Beyond Panel-Based Testing: Exome Analysis Increases Sensitivity for Diagnosis of Genetic Kidney Disease

Background Next-generation sequencing (NGS) is a useful tool for evaluating patients with suspected genetic kidney disease. Clinical practice relies on the use of targeted gene panels that are ordered based on patient presentation. We compare the diagnostic yield of clinical panel-based testing to exome analysis. Methods In total, 324 consecutive patients underwent physician-ordered, panel-based NGS testing between December 2014 and October 2018. Gene panels were available for four clinical phenotypes, including atypical hemolytic uremic syndrome (n224), nephrotic syndrome (n56), cystic kidney disease (n26), and Alport syndrome (n13). Variants were analyzed and clinical reports were signed out by a pathologist or clinical geneticist at the time of testing. Subsequently, all patients underwent retrospective exome analysis to detect additional clinically significant variants in kidney disease genes that were not analyzed as part of the initial clinical gene panel. Resulting variants were classified according to the American College of Medical Genetics and Genomics 2015 guidelines. Results In the initial physician-ordered gene panels, we identified clinically significant pathogenic or likely pathogenic variants in 13% of patients (n42/324). CFHR3-CFHR1 homozygous deletion was detected in an additional 13 patients with aHUS without a pathogenic or likely pathogenic variant.

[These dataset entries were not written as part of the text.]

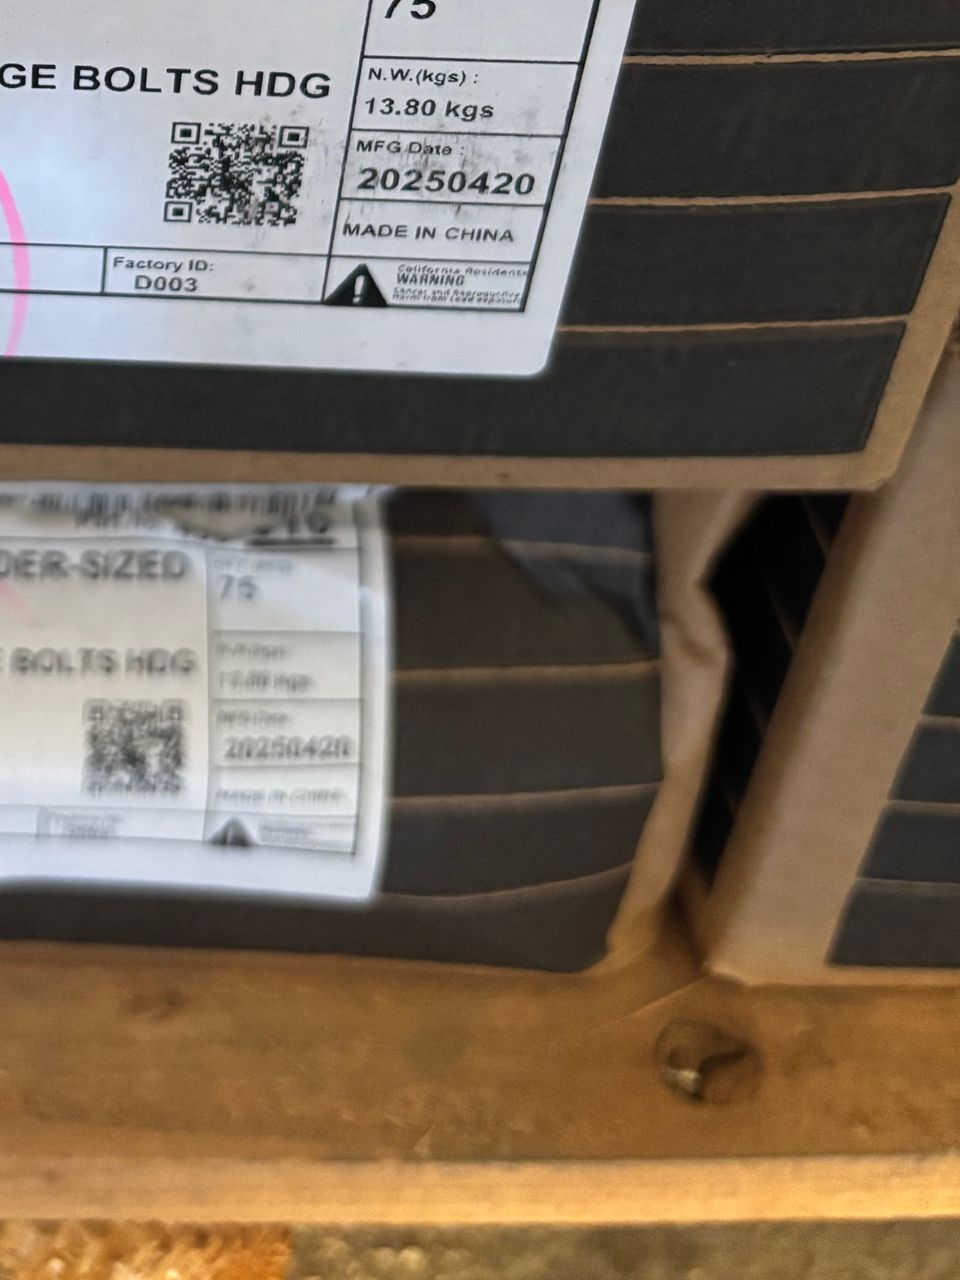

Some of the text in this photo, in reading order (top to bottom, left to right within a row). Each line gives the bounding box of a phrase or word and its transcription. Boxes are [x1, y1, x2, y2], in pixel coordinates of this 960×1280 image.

[73, 65, 220, 96] BOLTS
[235, 70, 332, 99] HDG
[364, 97, 495, 121] 13.80 kgs
[356, 139, 402, 154] MFG
[408, 142, 453, 156] Date
[356, 167, 536, 196] 20250420
[343, 223, 514, 243] MADE IN CHINA
[113, 256, 215, 273] Factory ID:
[134, 274, 198, 292] D003
[396, 273, 465, 286] WARNING
[219, 575, 259, 601] 75
[10, 647, 118, 676] BOLTS
[124, 647, 198, 677] HDG

Diagnostic yield of the initial physician-ordered gene panel was 20% and varied between groups. Retrospective exome analysis identified 18 patients with a previously unknown pathogenic or likely pathogenic variant in a kidney disease gene and eight patients with a high-risk APOL1 genotype. Overall, retrospective exome analysis increased the diagnostic yield of panel-based testing from 20% to 30%. Conclusions These results highlight the importance of a broad and collaborative approach between the clinical laboratory and their physician clients that employs additional analysis when a targeted panel of kidney disease-causing genes does not return a clinically meaningful result.